Translated fromGerman

Zubereitung zur Hemmung der PGE₂ Synthese,insbesondere zur Hemmung der mPGES-1,dadurch gekennzeichnet,dass diese Zubereitung Acylphloroglucinol oder/und seine Derivateenthält.Preparation for the inhibition of PGE₂ synthesis, in particular for the inhibition of mPGES-1,characterized in that this preparation contains acylphloroglucinol or / and its derivatives.

Zubereitung nach Anspruch 1, dadurch gekennzeichnet, dass dasAcylphloroglucinol natürlich vorkommendesoder künstlichsynthetisiertes Myrtucommulon oder/und eines seiner Derivate ist.Preparation according to claim 1, characterized in that theAcylphloroglucinol naturally occurringor artificialis synthesized myrtucommulone or / and one of its derivatives.

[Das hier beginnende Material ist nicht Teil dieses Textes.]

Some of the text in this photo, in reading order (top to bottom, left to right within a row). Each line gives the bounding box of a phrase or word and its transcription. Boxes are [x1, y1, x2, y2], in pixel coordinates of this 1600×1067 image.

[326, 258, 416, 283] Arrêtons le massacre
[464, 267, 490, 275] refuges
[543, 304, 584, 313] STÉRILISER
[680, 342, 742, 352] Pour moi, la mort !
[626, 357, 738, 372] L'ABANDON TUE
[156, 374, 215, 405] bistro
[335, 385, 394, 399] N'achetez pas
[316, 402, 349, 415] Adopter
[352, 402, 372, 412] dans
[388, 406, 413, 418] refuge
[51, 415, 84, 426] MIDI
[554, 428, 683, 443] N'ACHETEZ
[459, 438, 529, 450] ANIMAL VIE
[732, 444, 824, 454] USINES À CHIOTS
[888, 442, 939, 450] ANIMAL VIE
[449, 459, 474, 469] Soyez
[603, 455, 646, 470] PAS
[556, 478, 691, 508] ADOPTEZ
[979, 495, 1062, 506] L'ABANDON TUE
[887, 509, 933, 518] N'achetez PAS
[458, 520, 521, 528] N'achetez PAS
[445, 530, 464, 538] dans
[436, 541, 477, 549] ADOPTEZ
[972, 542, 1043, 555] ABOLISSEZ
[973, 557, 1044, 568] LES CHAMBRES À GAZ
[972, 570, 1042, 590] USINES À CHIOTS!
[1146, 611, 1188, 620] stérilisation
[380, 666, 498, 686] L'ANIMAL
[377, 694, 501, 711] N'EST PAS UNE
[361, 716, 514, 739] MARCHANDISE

Zubereitung nach Anspruch 1, dadurch gekennzeichnet, dass dasAcylphloroglucinol natürlich vorkommendesoder künstlichsynthetisiertes Hyperforin oder/und eines seiner Derivate ist.Preparation according to claim 1, characterized in that theAcylphloroglucinol naturally occurringor artificialsynthesized hyperforin and / or one of its derivatives.

Zubereitung nach einem der vorgehenden Ansprüche, dadurch gekennzeichnet,dass das Acylphloroglucinol durch eine Extraktion aus Myrte (Myrtuscommunis) oder/und Johanniskraut (Hypericum perforatum) gewonnenwerden.Preparation according to one of the preceding claims, characterizedthat acylphloroglucinol is obtained by extraction from myrtle (Myrtuscommunis) or / and St. John's wort (Hypericum perforatum)become.

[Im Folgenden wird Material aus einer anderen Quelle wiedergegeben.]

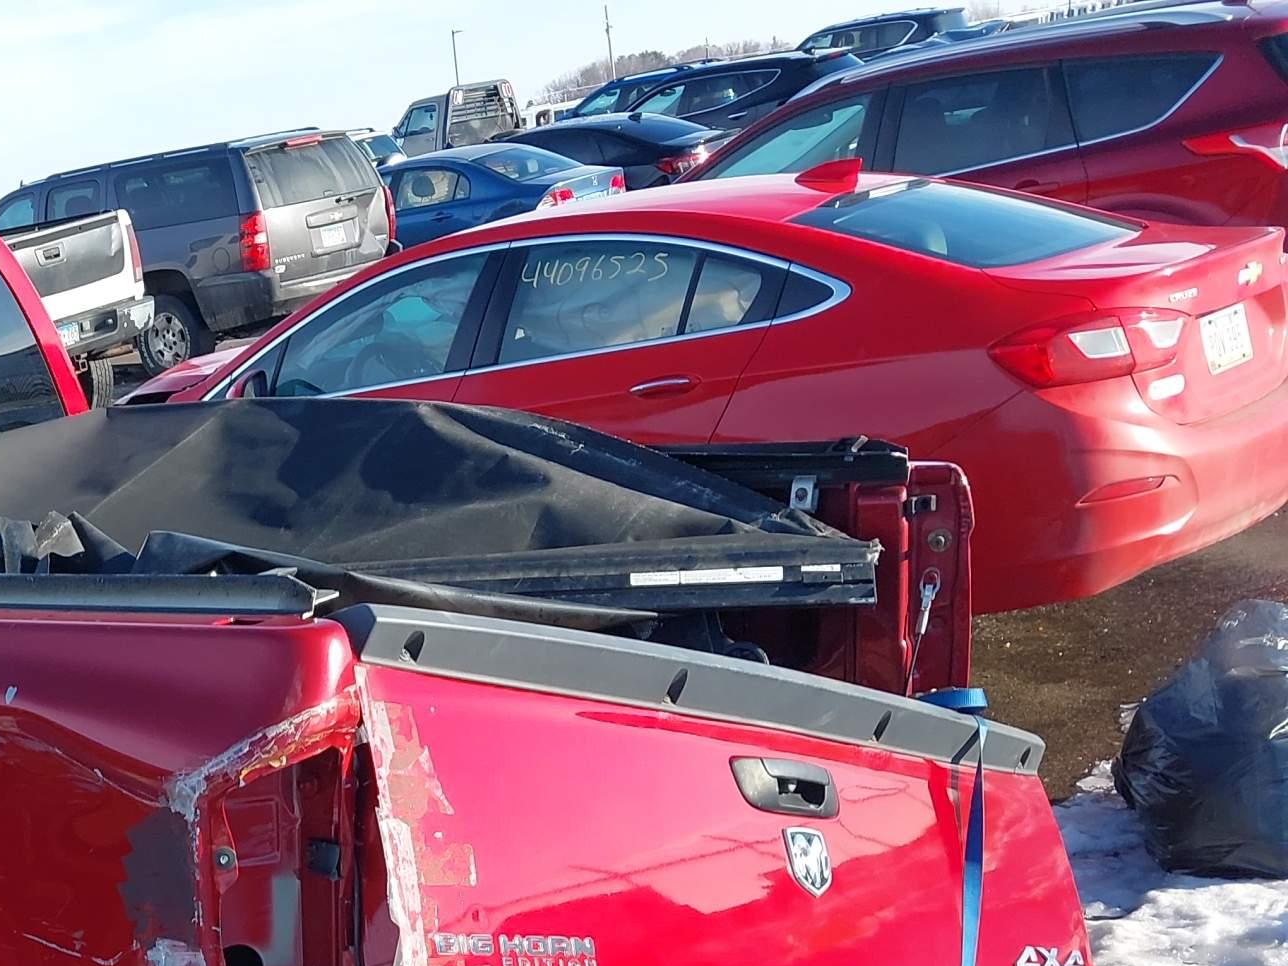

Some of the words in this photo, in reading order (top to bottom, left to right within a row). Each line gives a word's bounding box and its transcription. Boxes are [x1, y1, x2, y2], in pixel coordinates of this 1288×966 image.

[521, 252, 669, 288] 44096525
[435, 933, 494, 956] BIG
[499, 934, 596, 957] HORN
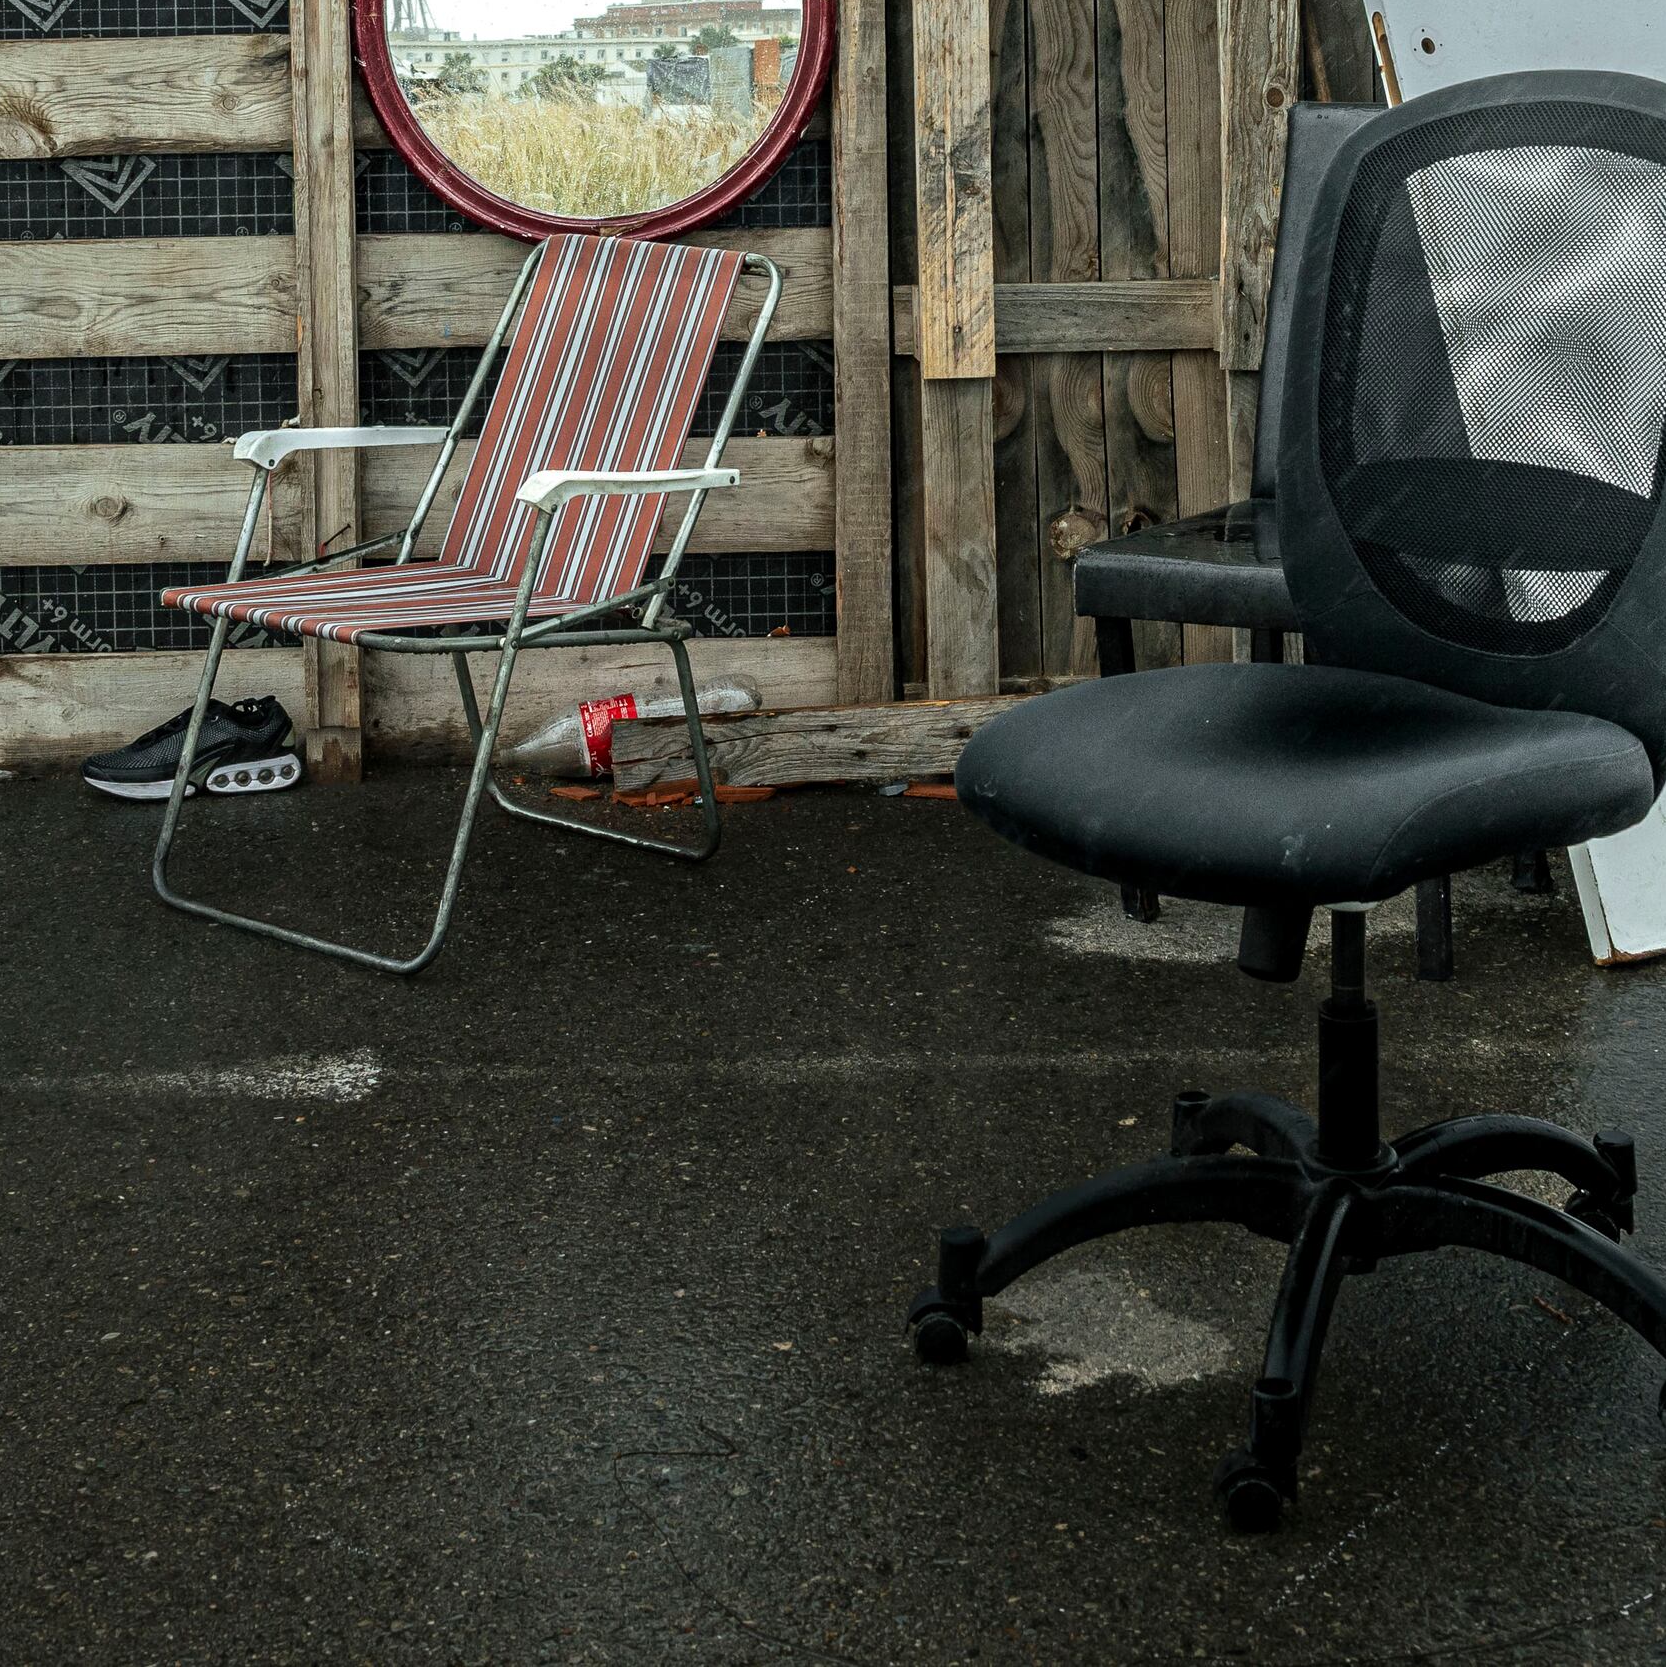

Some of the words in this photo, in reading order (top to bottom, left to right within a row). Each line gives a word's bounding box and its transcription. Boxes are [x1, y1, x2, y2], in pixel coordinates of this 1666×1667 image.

[42, 598, 68, 623] 6+
[678, 584, 703, 609] 6+
[69, 618, 113, 653] orm
[704, 603, 747, 638] orm

Zubereitung nach einem der vorgehenden Ansprüche, dadurch gekennzeichnet,dass sie eine pharmazeutisch wirksame Menge an Acylphloroglucinoloder/und eines seiner Derivate und gegebenenfalls ein pharmazeutischesTrägermaterialenthält.Preparation according to one of the preceding claims, characterizedthat they contain a pharmaceutically effective amount of acylphloroglucinolor / and one of its derivatives and optionally a pharmaceuticalsupport materialcontains.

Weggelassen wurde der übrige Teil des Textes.